Posteriormente à ação da Procuradoria em São Paulo, o ex-diretor Paulo Roberto Costa afirmou em sua delação premiada que o representante da empresa Estre Petróleo, Wilson Quintella Filho, teria lhe prometido o pagamento de uma comissão referente a esse contrato da Transpetro.

 

Tanto a Estre como a Rio Maguari fazem parte do consórcio que venceu a licitação para compra e venda condicionada de 20 comboios.

 

O Ministério Público Federal de São Paulo sustentou na ação que o resultado já estava combinado antes da licitação, realizada pela modalidade convite internacional.

 

Negativa

As buscas na residência de Renan foram negadas pelo ministro do Supremo Tribunal Federal Teori Zavascki em decisão de 9 de dezembro do ano passado.

 

Teori escreveu que Janot não conseguiu demonstrar a relação entre Renan e desvios de recursos na Transpetro.

 

O ministro liberou as buscas em outros alvos, como o diretório do PMDB em Alagoas e endereços do ex-presidente da Transpetro, Sérgio Machado, aliado de Renan.
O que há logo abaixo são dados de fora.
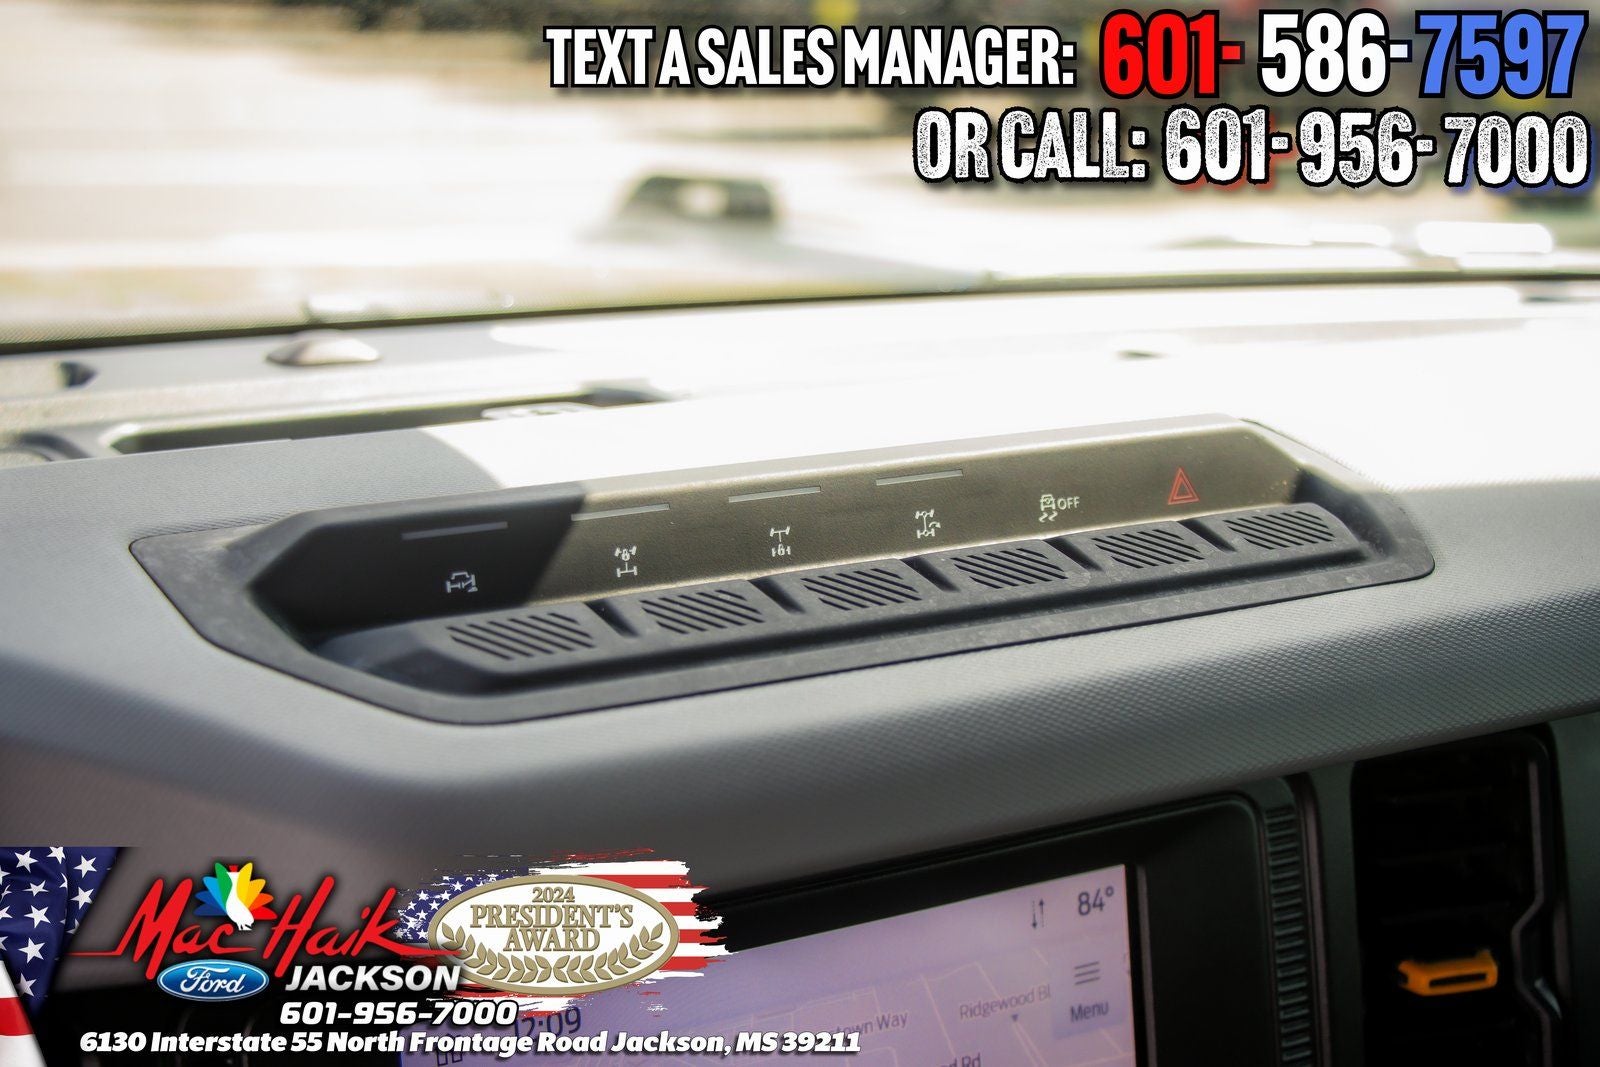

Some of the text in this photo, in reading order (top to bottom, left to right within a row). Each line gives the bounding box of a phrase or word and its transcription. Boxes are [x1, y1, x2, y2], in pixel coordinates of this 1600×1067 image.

[1057, 496, 1080, 510] OFF
[959, 989, 1036, 1021] Ridgewood
[1070, 1001, 1110, 1023] Menu
[876, 1012, 908, 1031] Way
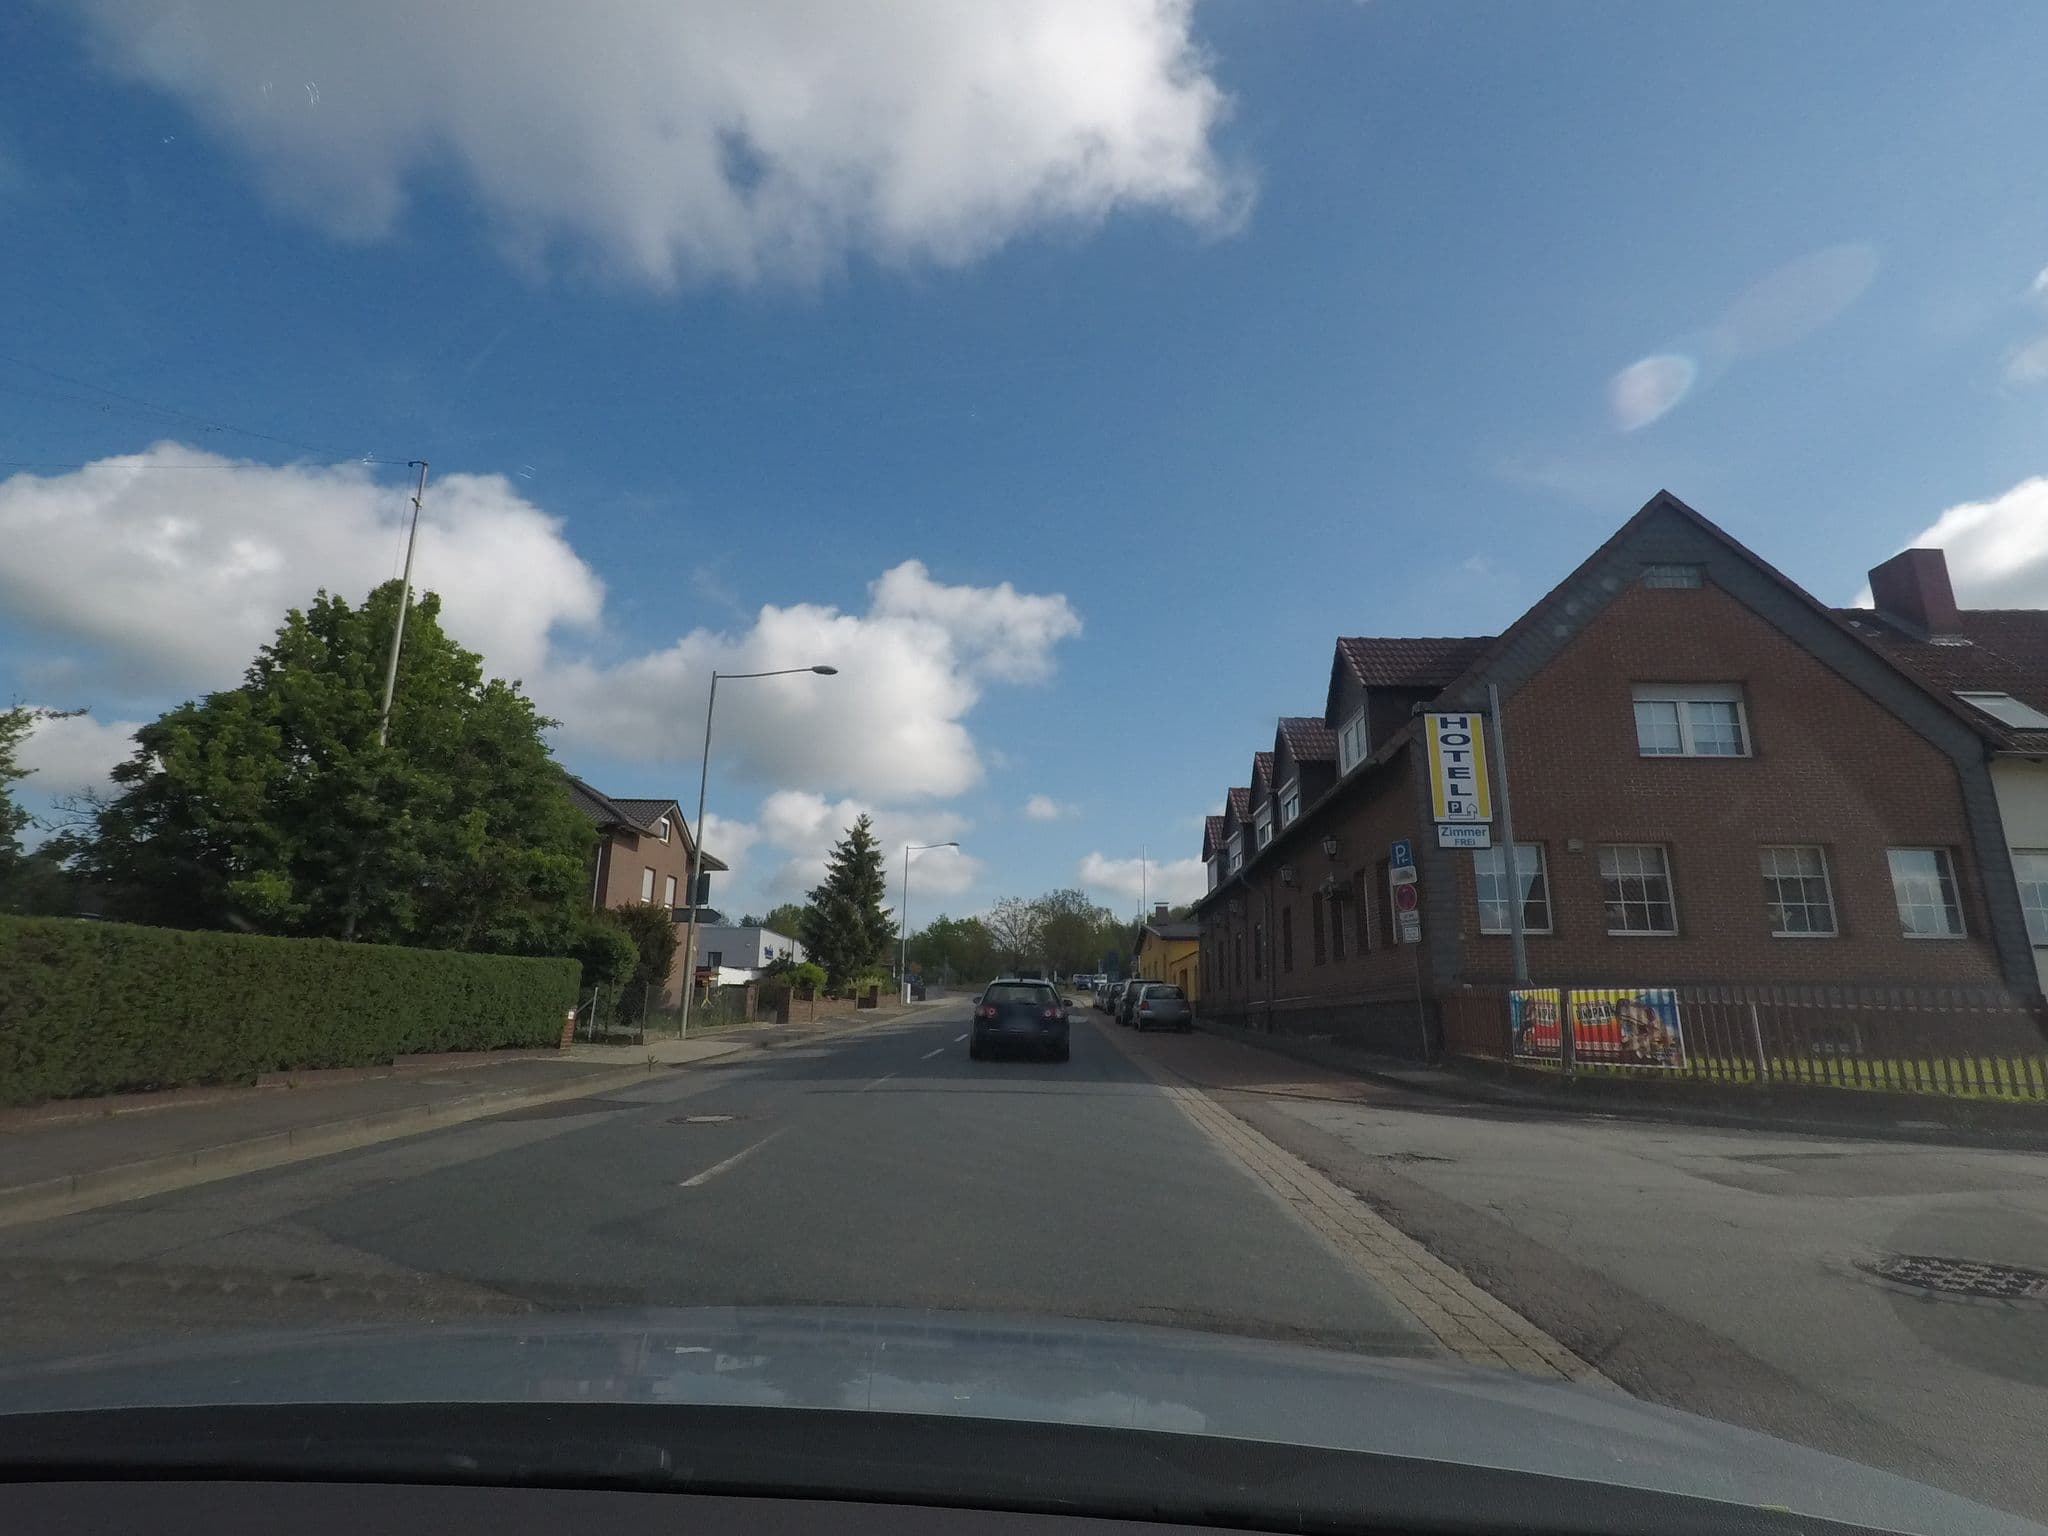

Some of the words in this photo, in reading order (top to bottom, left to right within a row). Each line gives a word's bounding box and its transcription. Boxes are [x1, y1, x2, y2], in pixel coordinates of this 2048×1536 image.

[1440, 716, 1472, 797] HOTEL
[1441, 826, 1487, 837] Zimmer
[1395, 844, 1406, 864] P
A Operação Catilinárias ocorreu em 15 de dezembro.

 

"Indefiro o requerimento, por entender que não houve demonstração de correlação fática entre esse requerido [Renan] e os fatos investigados no procedimento", escreveu o ministro do STF.

 

Teori entendeu em sua decisão haver "indícios" de vínculos de Renan com "o suposto desvio de recursos decorrentes de contratos firmados pela Transpetro".

 

O ministro, porém, afirmou que a PGR não estava dispensada de demonstrar como ocorre o vínculo de Renan com os crimes investigados e de que forma a busca e apreensão "se mostraria imprescindível às investigações".

 

Outro lado

A Folha não localizou as assessorias dos investigados na noite desta terça (26) para comentar.

 

O presidente do Senado tem negado envolvimento com o esquema de corrupção da Petrobras, afirmando que "suas relações com todas as empresas públicas e seus diretores nunca ultrapassaram os limites institucionais". O senador sustenta ainda que jamais autorizou qualquer outra pessoa a falar em seu nome.

 

O ex-presidente da Transpetro Sérgio Machado está a disposição dos órgãos de investigação para prestar esclarecimentos.